- **EXERCISE DESCRIPTION**
Give back the records below verbatim, please, but without a single image.

*****

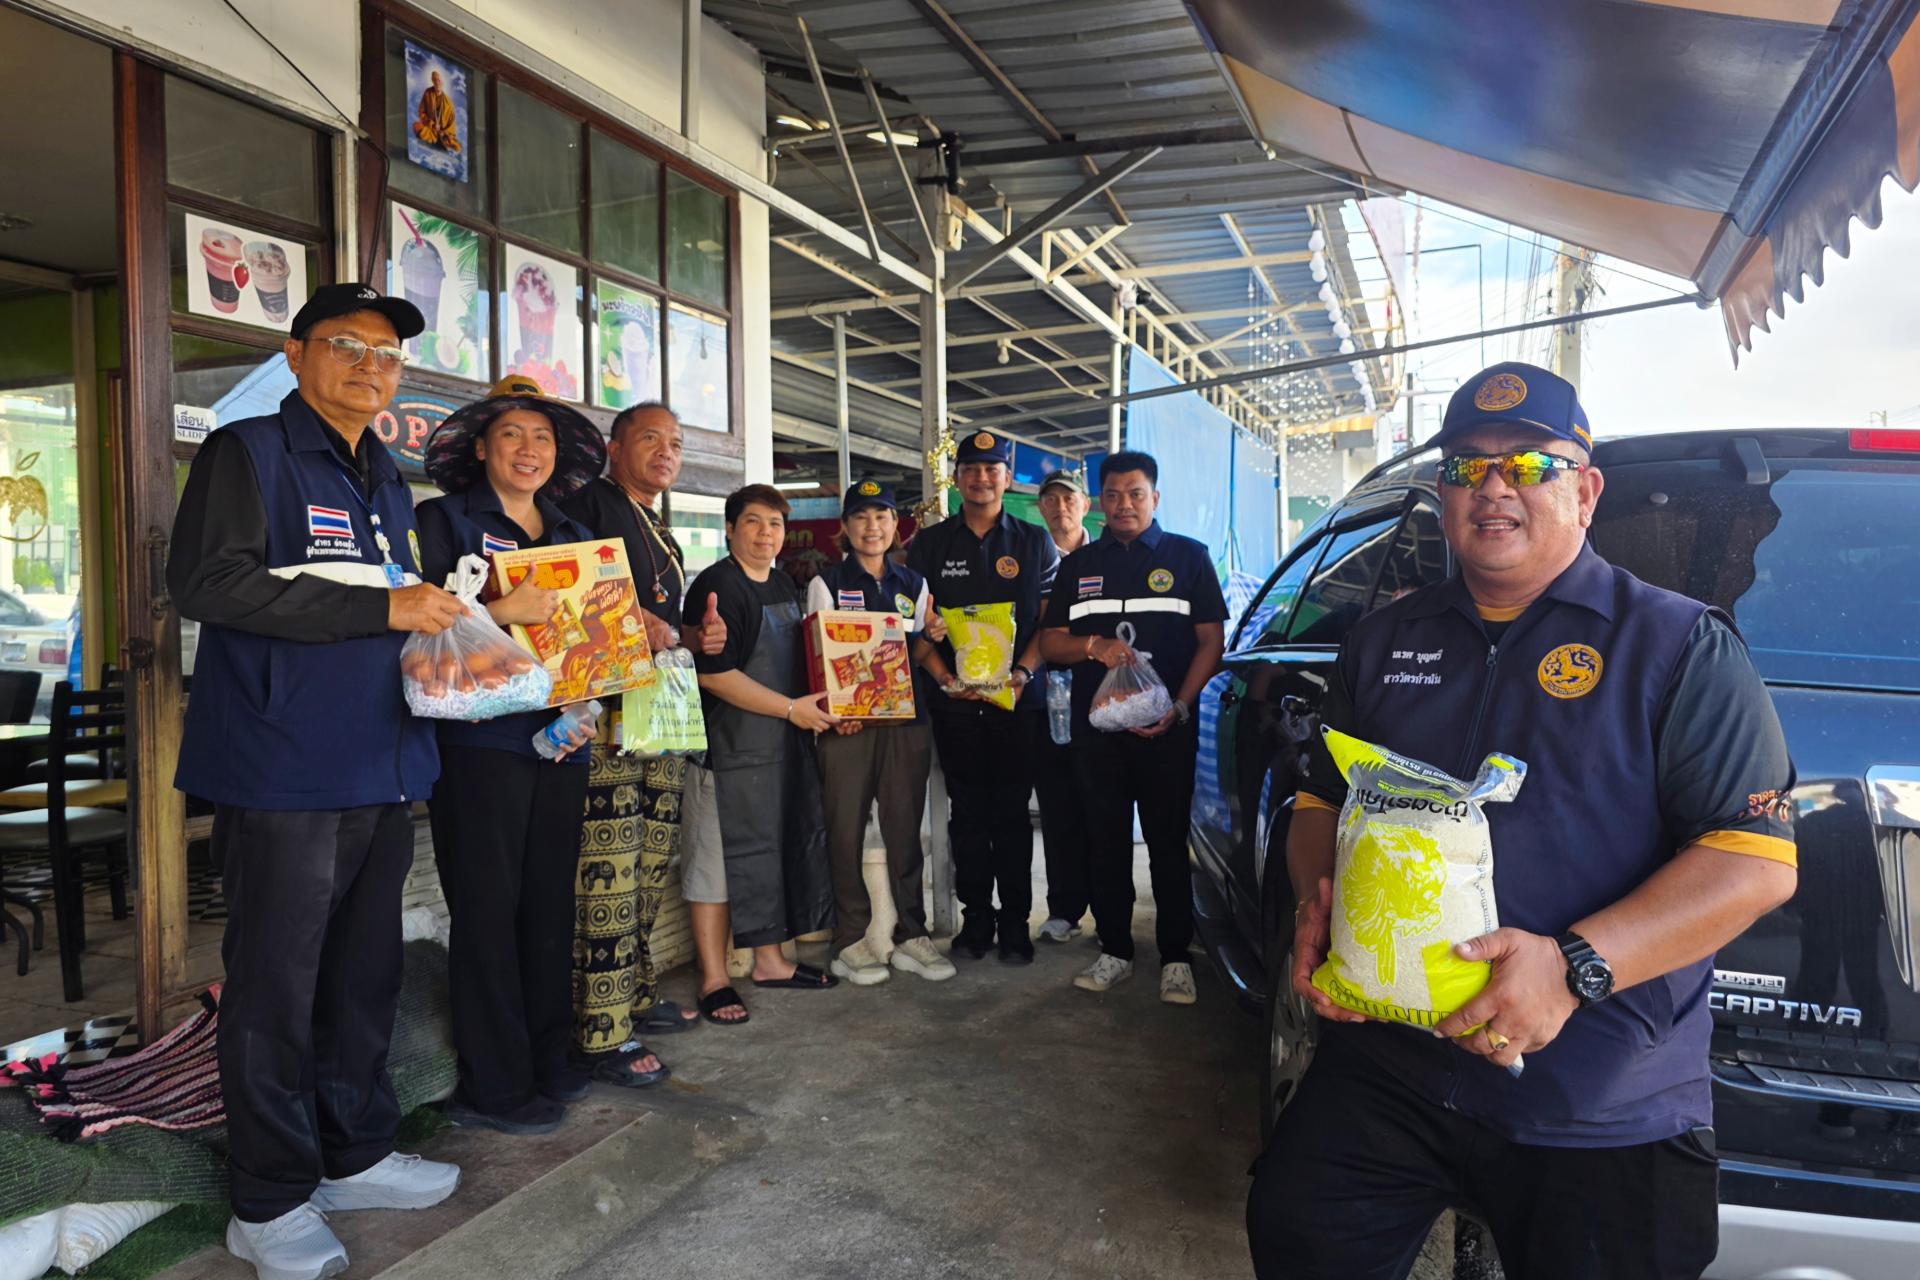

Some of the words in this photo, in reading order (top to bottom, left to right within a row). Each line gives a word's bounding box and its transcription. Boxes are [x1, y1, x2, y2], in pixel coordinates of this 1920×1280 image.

[176, 410, 204, 427] เลื่อน
[176, 429, 206, 440] SLIDE
[374, 410, 443, 448] OP
[1416, 648, 1443, 664] บุญศรี
[1384, 671, 1442, 684] สารวัตรกำนัน
[1707, 991, 1862, 1027] CAPTIVA

*****

- **OUTPUT**
Some of the words in this photo, in reading order (top to bottom, left to right within a row). Each line gives a word's bounding box and its transcription. Boxes are [x1, y1, x2, y2], in pixel coordinates of this 1920×1280 image.

[176, 410, 204, 427] เลื่อน
[176, 429, 206, 440] SLIDE
[374, 410, 443, 448] OP
[1416, 648, 1443, 664] บุญศรี
[1384, 671, 1442, 684] สารวัตรกำนัน
[1707, 991, 1862, 1027] CAPTIVA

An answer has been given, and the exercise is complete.